== Activity ==
Every entry should be returned unchanged, with the pictures omitted.

....................

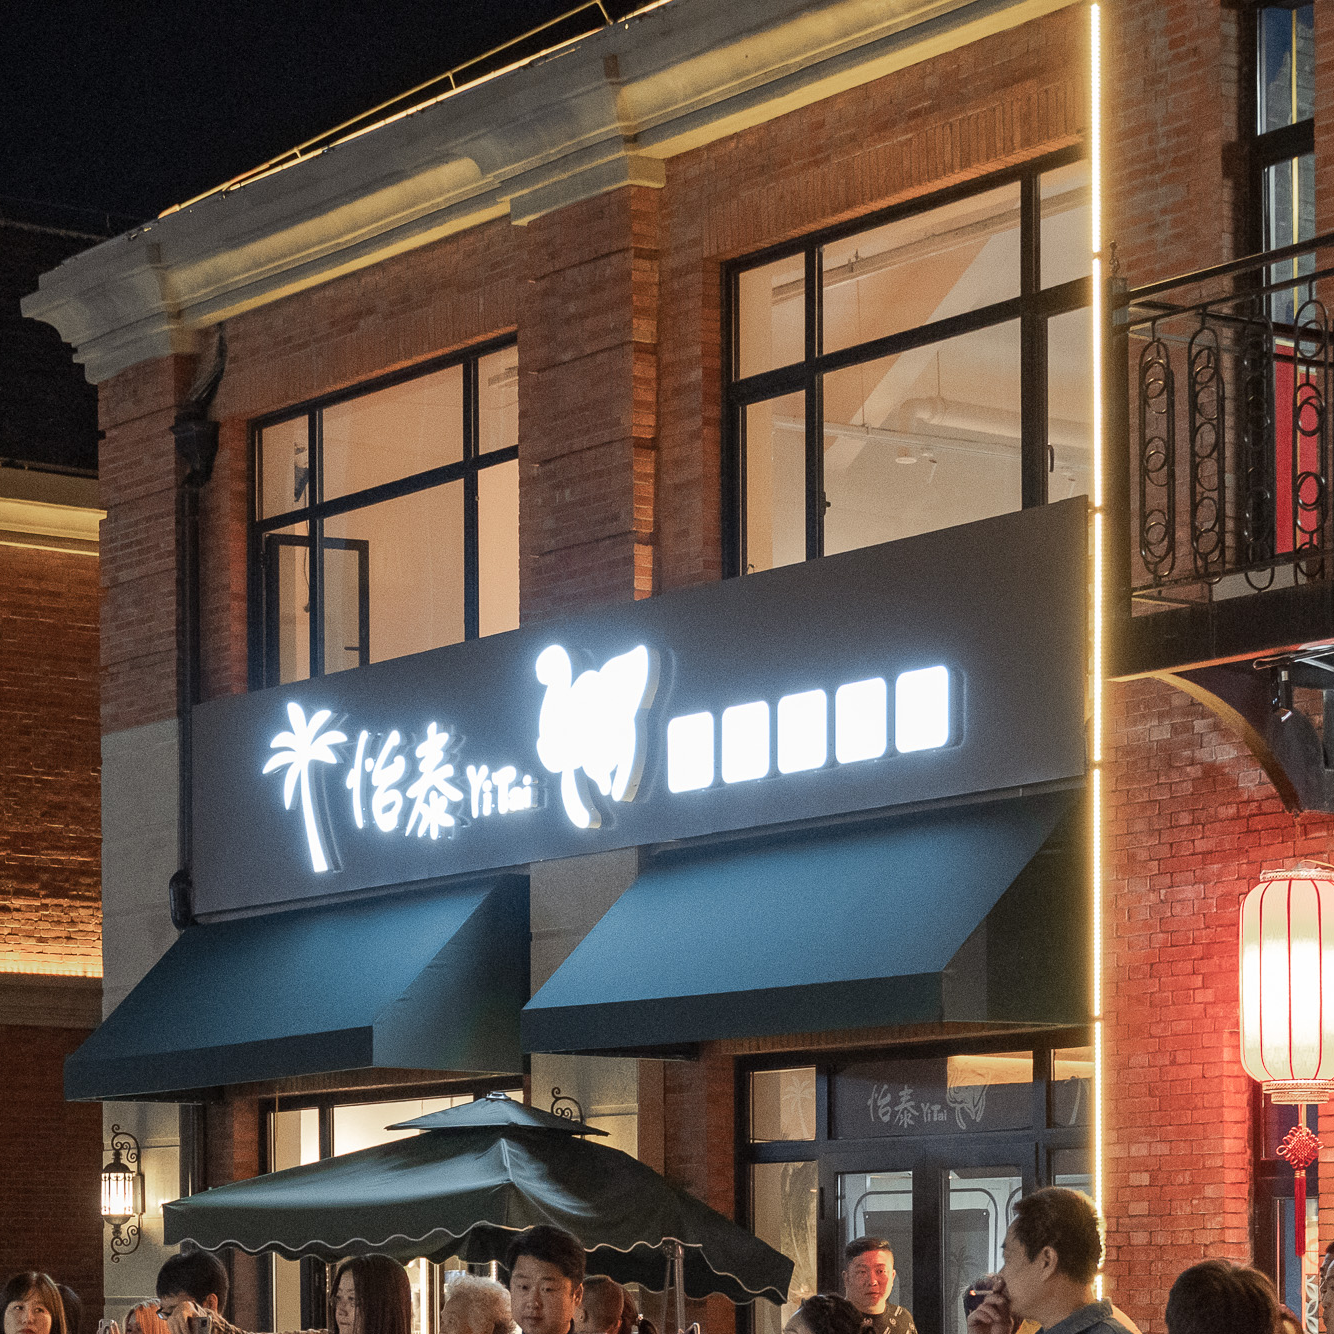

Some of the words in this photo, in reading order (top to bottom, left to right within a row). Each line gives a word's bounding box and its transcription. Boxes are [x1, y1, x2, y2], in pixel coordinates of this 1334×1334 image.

[346, 721, 464, 840] 怡泰
[467, 764, 533, 818] YiTai
[867, 1084, 919, 1129] 怡泰
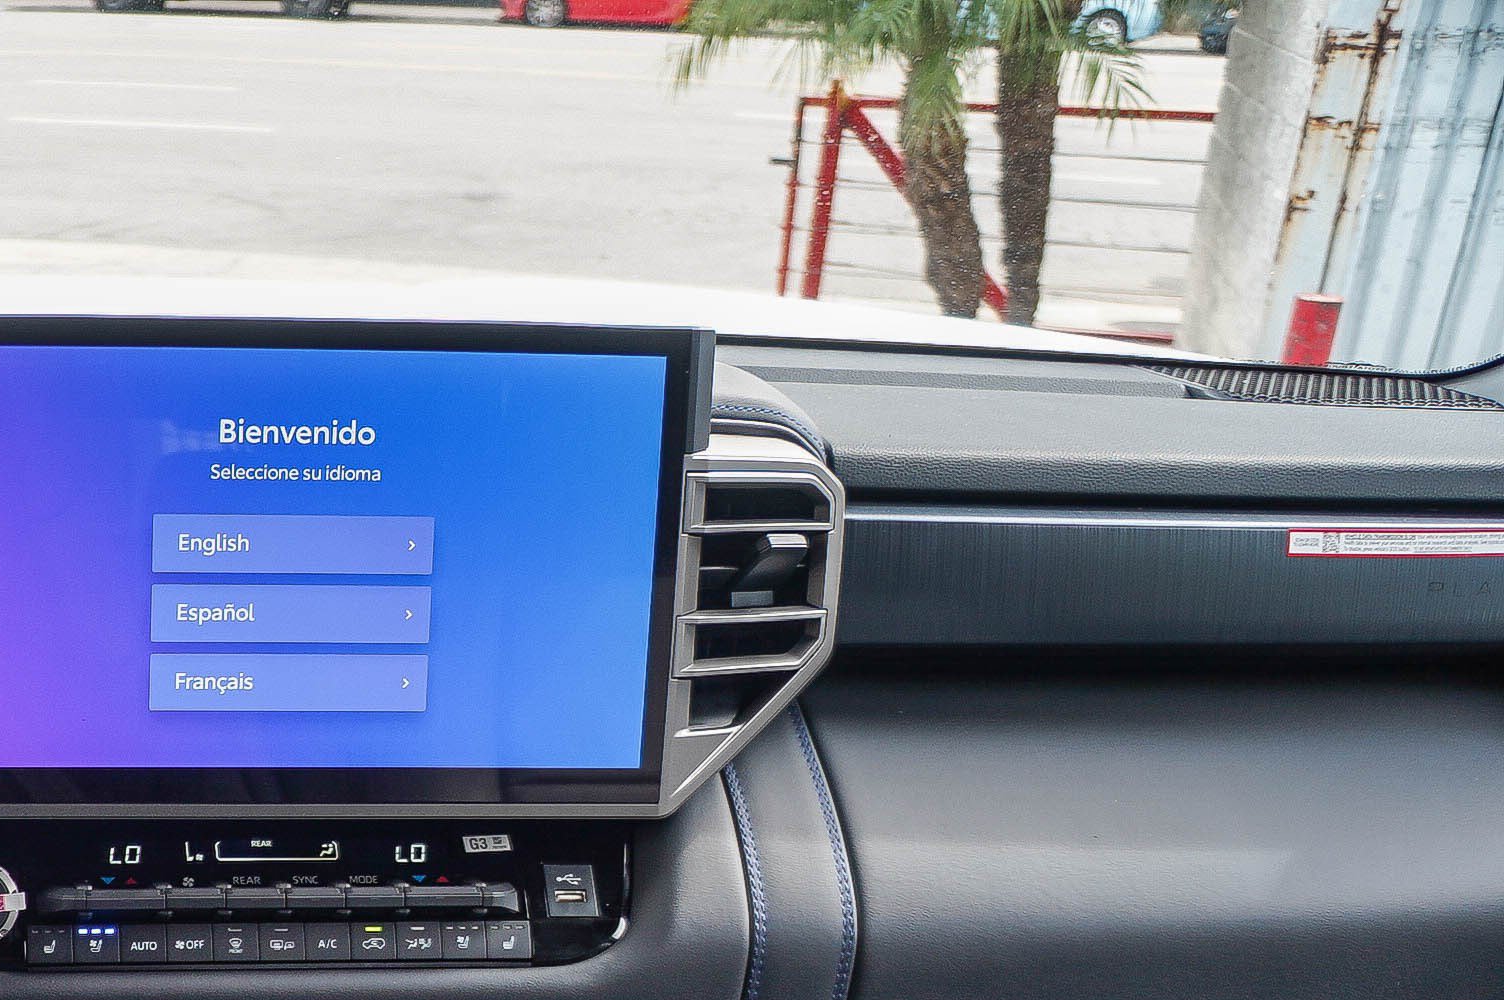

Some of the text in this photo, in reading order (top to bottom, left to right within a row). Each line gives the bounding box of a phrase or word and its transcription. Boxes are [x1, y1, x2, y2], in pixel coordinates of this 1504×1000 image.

[218, 418, 376, 446] Bienvenido
[209, 463, 382, 482] Seleccione su idioma
[177, 533, 251, 556] English
[176, 602, 255, 625] Español
[174, 672, 254, 695] Français
[251, 840, 273, 848] REAR
[469, 837, 488, 850] G3
[109, 845, 141, 864] LO
[396, 843, 426, 863] LO
[232, 876, 261, 885] REAR
[292, 875, 318, 885] SYNC
[349, 875, 378, 885] MODE
[130, 941, 158, 951] AUTO
[185, 940, 205, 949] OFF
[318, 938, 337, 949] A/C

....................

== Result of this exercise ==
Some of the words in this photo, in reading order (top to bottom, left to right within a row). Each line gives a word's bounding box and its transcription. Boxes are [x1, y1, x2, y2], in pixel coordinates of this 1334×1334 image.

[346, 721, 464, 840] 怡泰
[467, 764, 533, 818] YiTai
[867, 1084, 919, 1129] 怡泰

Some of the text in this photo, in reading order (top to bottom, left to right within a row). Each line gives the bounding box of a phrase or word and its transcription. Boxes are [x1, y1, x2, y2], in pixel coordinates of this 1504×1000 image.

[218, 418, 376, 446] Bienvenido
[209, 463, 382, 482] Seleccione su idioma
[177, 533, 251, 556] English
[176, 602, 255, 625] Español
[174, 672, 254, 695] Français
[251, 840, 273, 848] REAR
[469, 837, 488, 850] G3
[109, 845, 141, 864] LO
[396, 843, 426, 863] LO
[232, 876, 261, 885] REAR
[292, 875, 318, 885] SYNC
[349, 875, 378, 885] MODE
[130, 941, 158, 951] AUTO
[185, 940, 205, 949] OFF
[318, 938, 337, 949] A/C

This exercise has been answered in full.